Very interesting about the different types of wheat available in France. I'm in USA and am non-celiac gluten intolerant. Gluten is a serious migraine trigger for me. When I stopped eating it my migraines occurred 1/2 as often. When I found my other triggers they’ve gone almost completely. I have allergic reactions (Mast cell disease) to ingredients in gluten free breads. But I can eat long fermented sourdough! It is my daily and only bread. Thankfully I found a company that also makes long fermented sourdough pizza dough among other things, they make a chocolate sourdough that makes amazing french toast! Now if I could just get some "soft flour" pastries....
Happy you found what works for you— it can be a long arduous process.

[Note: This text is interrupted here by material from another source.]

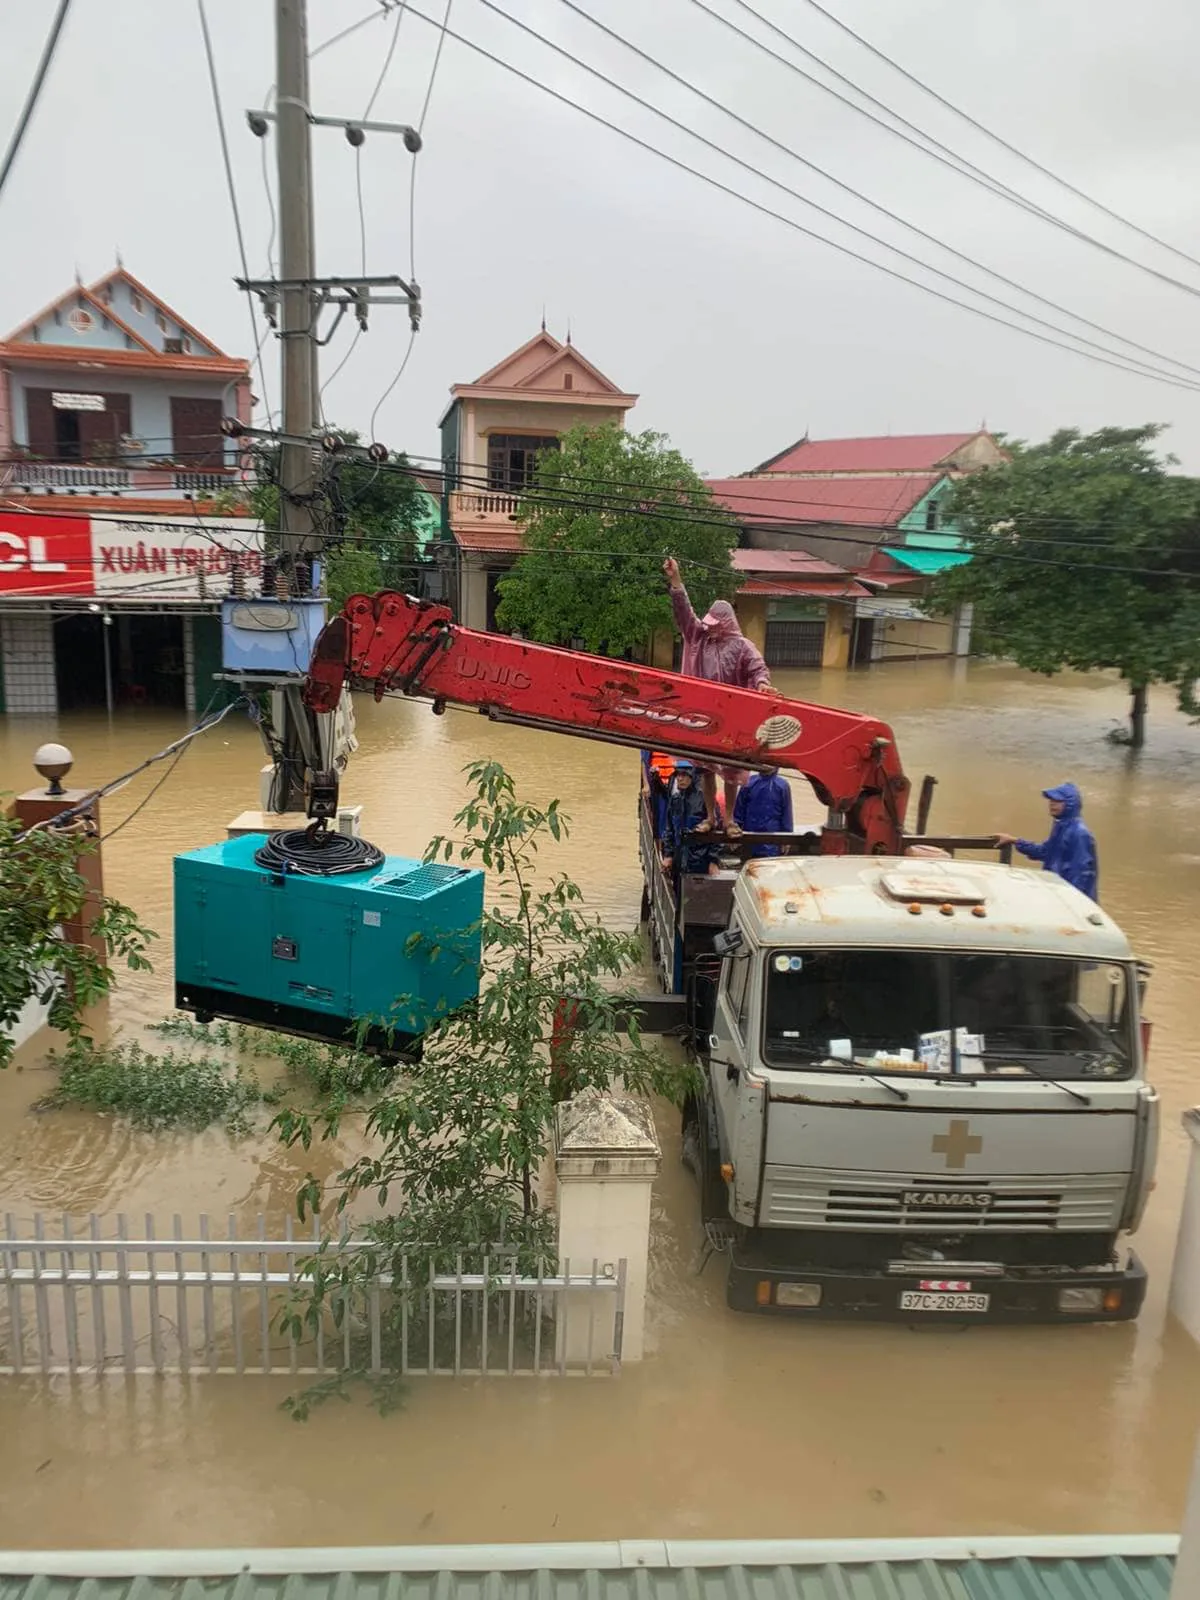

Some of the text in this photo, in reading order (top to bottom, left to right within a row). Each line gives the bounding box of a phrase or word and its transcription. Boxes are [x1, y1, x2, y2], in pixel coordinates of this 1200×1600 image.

[99, 540, 167, 575] XUÂN
[457, 655, 532, 690] UNIC
[903, 1294, 987, 1310] 37C-28259

I’ve ordered French flour here in the UK which makes a lot of things easier- eg making things like sauces etc. I’m still finding things I’m intolerant to (I’m thinking coconut milk might be tricky… just testing it). I also have oral allergy syndrome which is also always evolving, too… So though I feel physically better , I’m bored as HELL with this stuff and would love to just be able to eat without worrying that I’m going to end up flat out exhausted or with my throat on fire. 😩
I've been on my own complicated health journey, which did include a FODMAP exploration. Which wasn't it for me. But at this point I am really looking specifically into the wheat thing, have felt so much better without it in my diet. I wish I lived in France but I live in the US. There are definitely different kinds of wheat and wheat has evolved and been engineered significantly. If you haven't yet, you, you might want to check out the revised edition of Wheat Belly by William Davis MD. I've just started it, it's fascinating. His thesis is that it never was a good idea for humans to eat the seeds of grasses for optimum health. In the meantime, I have felt instantly better by eliminating all wheat, and all grains for the time being.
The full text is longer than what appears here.